In case you didn’t hear her brick-headed comments, actress Sharon Stone suggested that the suffering caused by the recent earthquake in Sichuan Province was the result of “karma”, gleaned from the fact that the Chinese government “has not been nice to my friend the Dalai Lama.” Good Grief!!!!
What Ms. Stone fails to understand is that, even if one subscribes to the notion of karma, it doesn’t work quite the way she states it. First of all, it is the Chinese government, not the Chinese people who have a problem with the Dalai Lama and the whole Tibetan issue. The central government didn’t suffer so much as a result of the disaster, but the Chinese people surely did. At last count, over 69,000 dead and the toll is still rising. Also, in her myopic vision, Ms. Stone also fails to realize that, outside of Tibet, the largest population of Tibetans in China is in the mountain areas of Sichuan, the very epicenter of the earthquake. I dare say that there were quite a few Tibetans in those 69,000.

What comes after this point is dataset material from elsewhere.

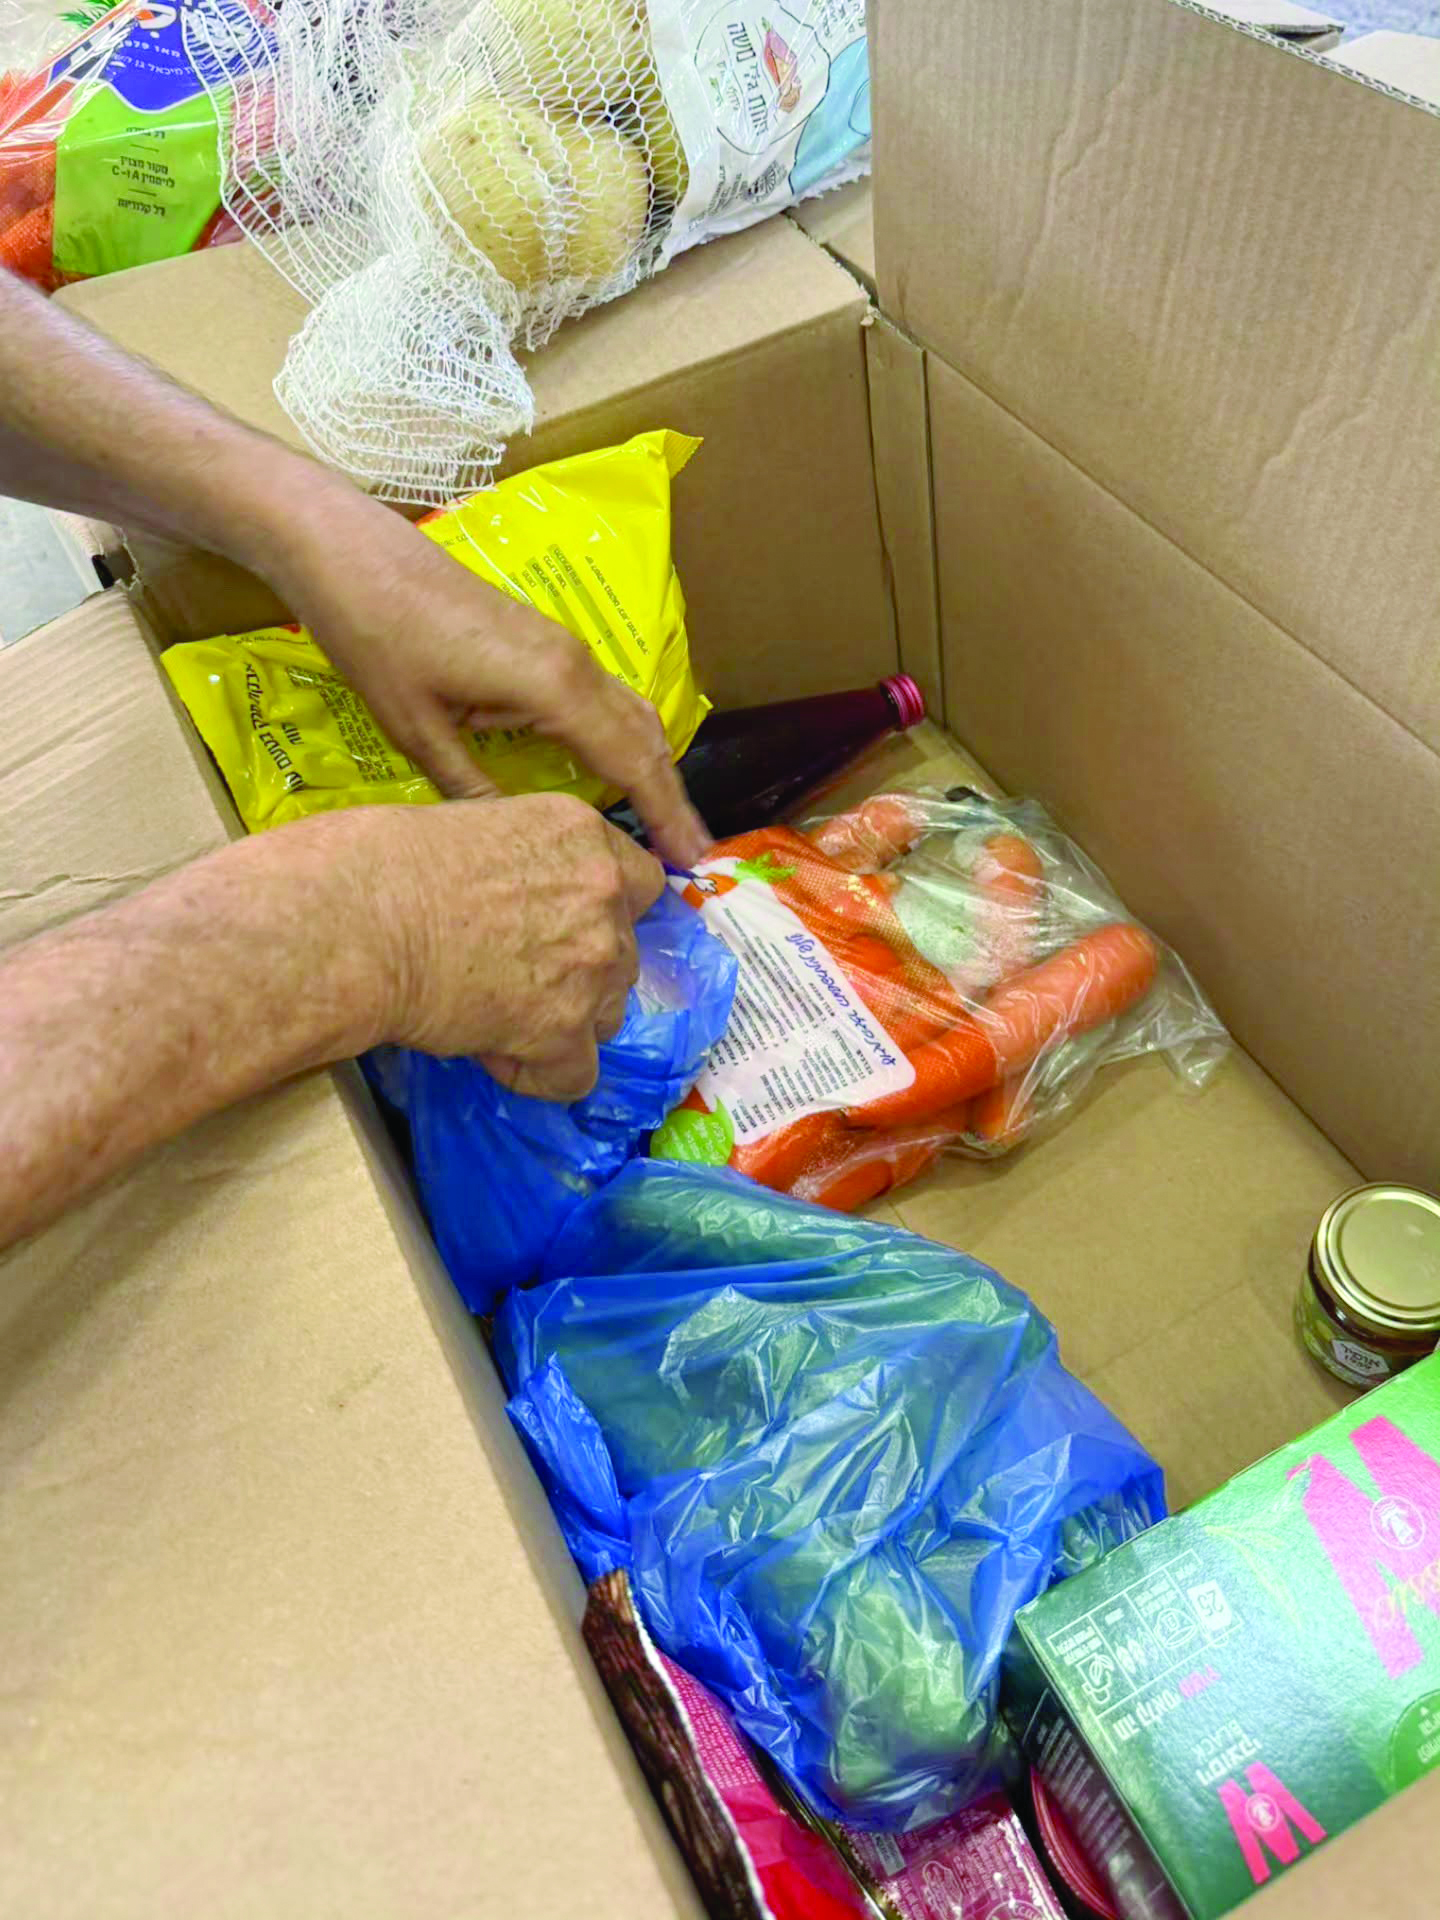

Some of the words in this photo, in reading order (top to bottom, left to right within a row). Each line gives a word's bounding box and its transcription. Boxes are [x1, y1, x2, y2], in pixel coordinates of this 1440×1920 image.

In the wake of her comments, the people of China are in an uproar. Movie theaters in China now refuse to carry her movies, and she has I think three or four new releases coming out over the next two years. So now, Ms. Stone will not profit from the largest population of movie goers in the world. Now that, my friends, is karma!
Stone’s comments are similar to those made by John Hagee on the heels of Hurricane Katrina. Hagee said that the disaster was a result of God’s wrath over an upcoming parade celebrating homosexuality. I find it ironic that Jesus, who Hagee says is his Lord, stated that “if you have seen me you have seen the Father.” Hmmmm. Let’s see, I don’t recall Jesus unleashing a hurricane on the woman caught in adultry or the Samaritan woman at the well. No, he exhibited a God of grace, not a God of retribution.
Do you see the similarities between Stone and Hagee? Both are suggesting that these disasters came about as a result of some sort of cosmic retribution. In Hagee’s case, it was God who was miffed. In the case of Stone, it was an impersonal but equally nasty force at work.
In either case, I am saddened by these comments. It is a shame, really it is.